C#: Dynamic runtime cast

George Mauer picture George Mauer · Feb 7, 2011 · Viewed 170k times · Source

I would like to implement a method with the following signature

dynamic Cast(object obj, Type castTo);

Anyone know how to do that? obj definitely implements castTo but needs to be cast properly in order to have some of my app's runtime binding stuff work out.

Edit: If some of the answers don't make sense it's because I initially accidentally typed dynamic Cast(dynamic obj, Type castTo); - I mean the input should be object or some other guaranteed base class

Answer

JaredPar picture JaredPar · Feb 7, 2011

I think you're confusing the issues of casting and converting here.

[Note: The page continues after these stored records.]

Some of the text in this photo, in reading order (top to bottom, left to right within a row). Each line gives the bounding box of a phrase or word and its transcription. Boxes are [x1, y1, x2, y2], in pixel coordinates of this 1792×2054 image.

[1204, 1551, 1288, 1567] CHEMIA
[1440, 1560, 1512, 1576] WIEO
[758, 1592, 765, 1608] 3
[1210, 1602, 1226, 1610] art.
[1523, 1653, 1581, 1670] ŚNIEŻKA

  • Casting: The act of changing the type of a reference which points to an object. Either moving up or down the object hierarchy or to an implemented interface
  • Converting: Creating a new object from the original source object of a different type and accessing it through a reference to that type.

It's often hard to know the difference between the 2 in C# because both of them use the same C# operator: the cast.

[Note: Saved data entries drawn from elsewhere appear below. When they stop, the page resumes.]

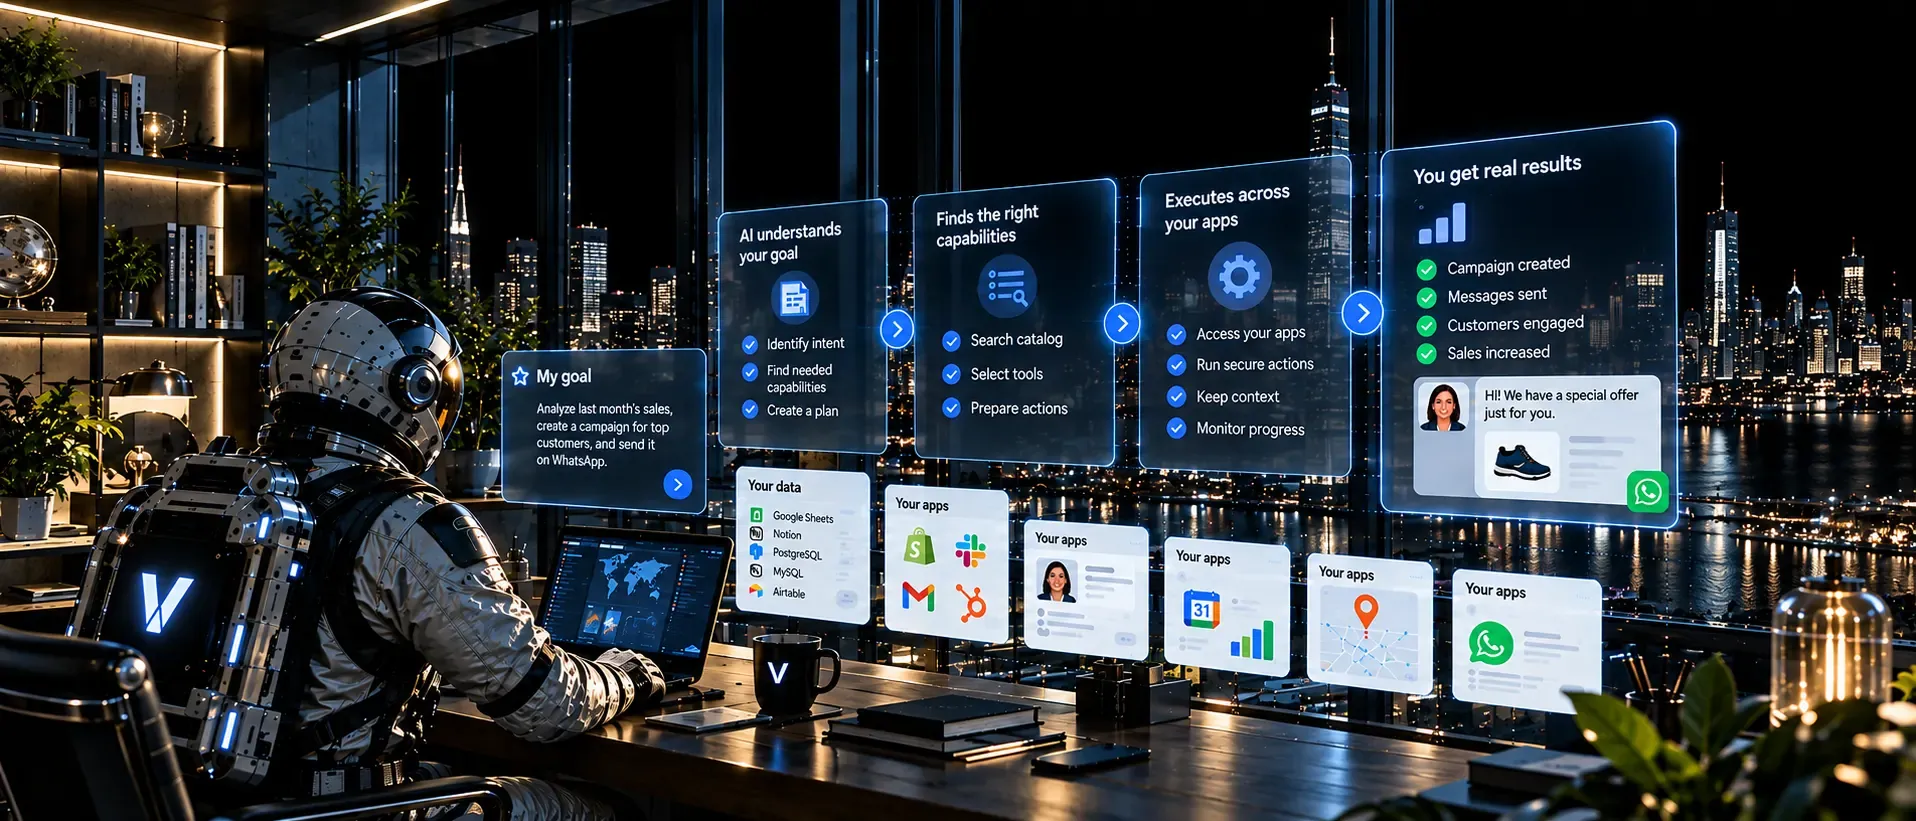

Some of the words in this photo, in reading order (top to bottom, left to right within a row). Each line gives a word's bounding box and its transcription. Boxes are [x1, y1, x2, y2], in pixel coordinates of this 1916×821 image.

[1413, 168, 1445, 185] You
[1449, 164, 1480, 187] get
[1484, 158, 1517, 179] real
[1522, 154, 1582, 176] results
[1165, 190, 1235, 209] Executes
[1238, 186, 1291, 203] across
[936, 208, 974, 227] Finds
[976, 207, 1001, 223] the
[1004, 203, 1040, 224] right
[739, 227, 754, 243] AI
[757, 220, 842, 242] understands
[1164, 217, 1199, 236] your
[1201, 214, 1239, 233] apps
[936, 227, 1017, 251] capabilities
[739, 250, 769, 267] your
[770, 244, 798, 265] goal
[1447, 259, 1515, 277] Campaign
[1517, 254, 1571, 272] created
[1448, 289, 1515, 306] Messages
[1517, 287, 1548, 301] sent
[1447, 318, 1520, 332] Customers
[1523, 314, 1585, 333] engaged
[970, 332, 1014, 347] Search
[1016, 331, 1063, 349] catalog
[1196, 327, 1241, 341] Access
[1243, 328, 1272, 343] your
[1274, 328, 1306, 342] apps
[767, 336, 810, 353] Identify
[812, 336, 845, 349] intent
[1447, 345, 1482, 360] Sales
[1485, 343, 1550, 359] increased
[767, 364, 790, 376] Find
[792, 363, 833, 376] needed
[1197, 357, 1221, 371] Run
[1223, 360, 1265, 371] secure
[1267, 356, 1315, 371] actions
[536, 368, 559, 388] My
[561, 367, 592, 387] goal
[971, 367, 1010, 381] Select
[1012, 366, 1044, 381] tools
[767, 380, 827, 396] capabilities
[1503, 389, 1523, 402] We
[1525, 388, 1554, 401] have
[1555, 391, 1563, 401] a
[1565, 388, 1607, 404] special
[1609, 388, 1639, 401] offer
[1197, 389, 1229, 407] Keep
[1231, 390, 1280, 403] context
[536, 402, 576, 417] Analyze
[578, 402, 597, 415] last
[643, 402, 673, 417] sales,
[767, 403, 803, 417] Create
[805, 407, 812, 417] a
[814, 403, 839, 420] plan
[971, 401, 1020, 418] Prepare
[1021, 401, 1069, 415] actions
[1483, 406, 1507, 422] just
[1508, 406, 1527, 419] for
[1529, 409, 1556, 422] you.
[536, 420, 569, 432] create
[570, 422, 577, 432] a
[578, 420, 630, 436] campaign
[632, 420, 649, 433] for
[650, 422, 670, 436] top
[1197, 421, 1246, 435] Monitor
[1249, 425, 1305, 439] progress
[536, 437, 593, 451] customers,
[595, 437, 616, 450] and
[618, 438, 645, 451] send
[647, 438, 656, 451] it
[536, 456, 550, 466] on
[551, 454, 608, 470] WhatsApp.
[747, 478, 774, 492] Your
[775, 479, 802, 494] data
[895, 496, 921, 510] Your
[922, 501, 950, 514] apps
[773, 510, 804, 524] Google
[804, 512, 834, 524] Sheets
[773, 528, 802, 540] Notion
[1035, 531, 1060, 544] Your
[1061, 536, 1088, 549] apps
[773, 546, 823, 562] PostgreSQL
[909, 541, 920, 558] S
[1175, 549, 1202, 563] Your
[1203, 554, 1231, 568] apps
[773, 566, 804, 580] MySQL
[1318, 565, 1345, 579] Your
[1346, 570, 1375, 584] apps
[772, 586, 806, 600] Airtable
[1465, 581, 1494, 596] Your
[1495, 587, 1527, 601] apps
[141, 572, 195, 634] V
[1194, 603, 1209, 618] 31
[767, 661, 789, 684] V

In this situation you are almost certainly not looking for a cast operation. Casting a dynamic to another dynamic is essentially an identity conversion. It provides no value because you're just getting a dynamic reference back to the same underlying object. The resulting lookup would be no different.

Instead what you appear to want in this scenario is a conversion. That is morphing the underlying object to a different type and accessing the resulting object in a dynamic fashion. The best API for this is Convert.ChangeType.

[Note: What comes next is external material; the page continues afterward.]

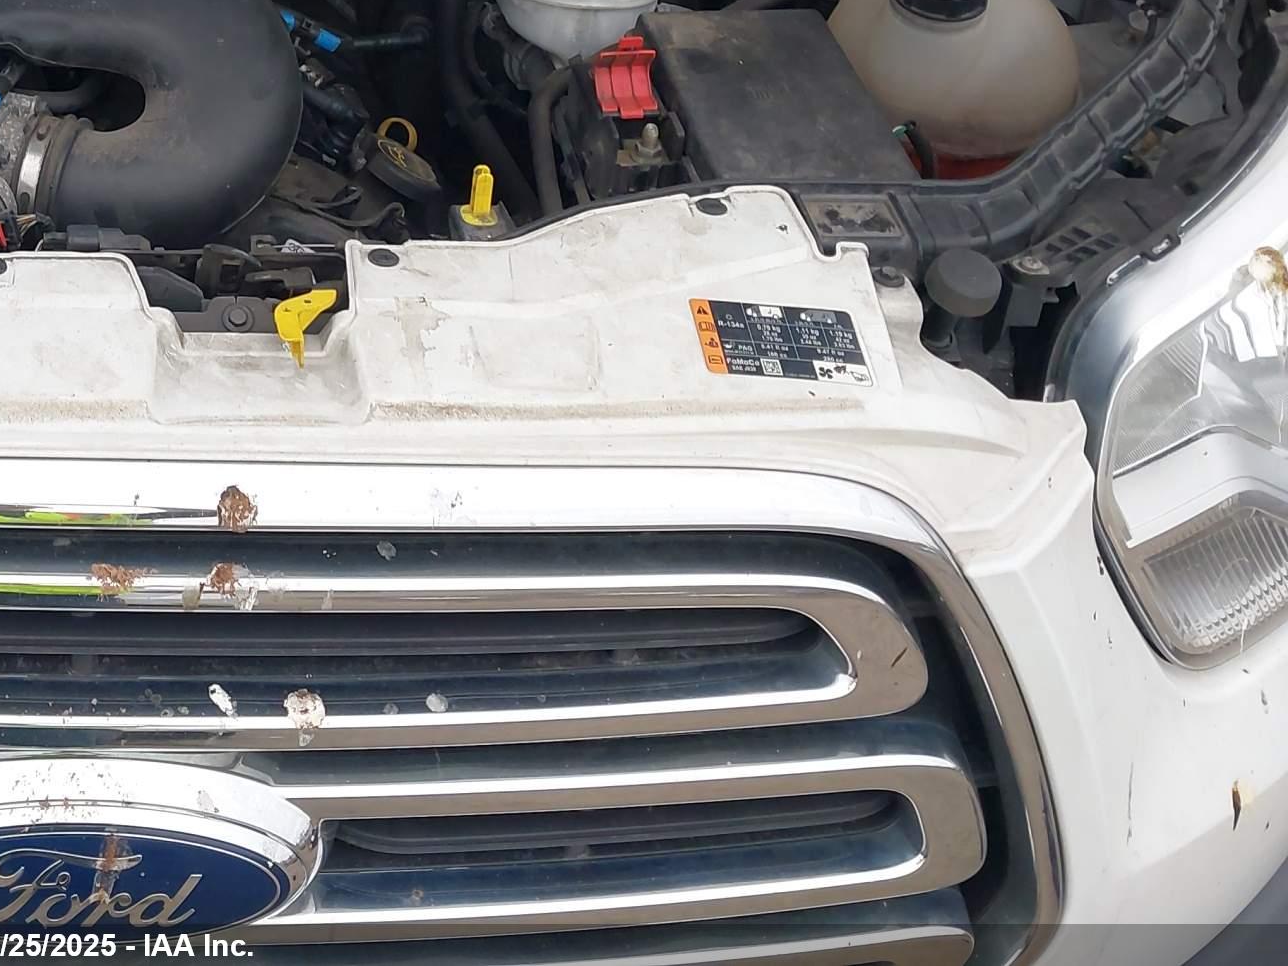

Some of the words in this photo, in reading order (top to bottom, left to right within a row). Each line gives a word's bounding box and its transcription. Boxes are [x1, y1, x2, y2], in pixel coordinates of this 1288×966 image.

[717, 320, 745, 329] R-134a
[772, 325, 781, 333] kg
[727, 357, 760, 366] FoMoCo

public static dynamic Convert(dynamic source, Type dest) {
  return Convert.ChangeType(source, dest);
}

EDIT

The updated question has the following line:

obj definitely implements castTo

If this is the case then the Cast method doesn't need to exist. The source object can simply be assigned to a dynamic reference.

dynamic d = source;

It sounds like what you're trying to accomplish is to see a particular interface or type in the hierarchy of source through a dynamic reference. That is simply not possible. The resulting dynamic reference will see the implementation object directly. It doesn't look through any particular type in the hierarchy of source. So the idea of casting to a different type in the hierarchy and then back to dynamic is exactly identical to just assigning to dynamic in the first place. It will still point to the same underlying object.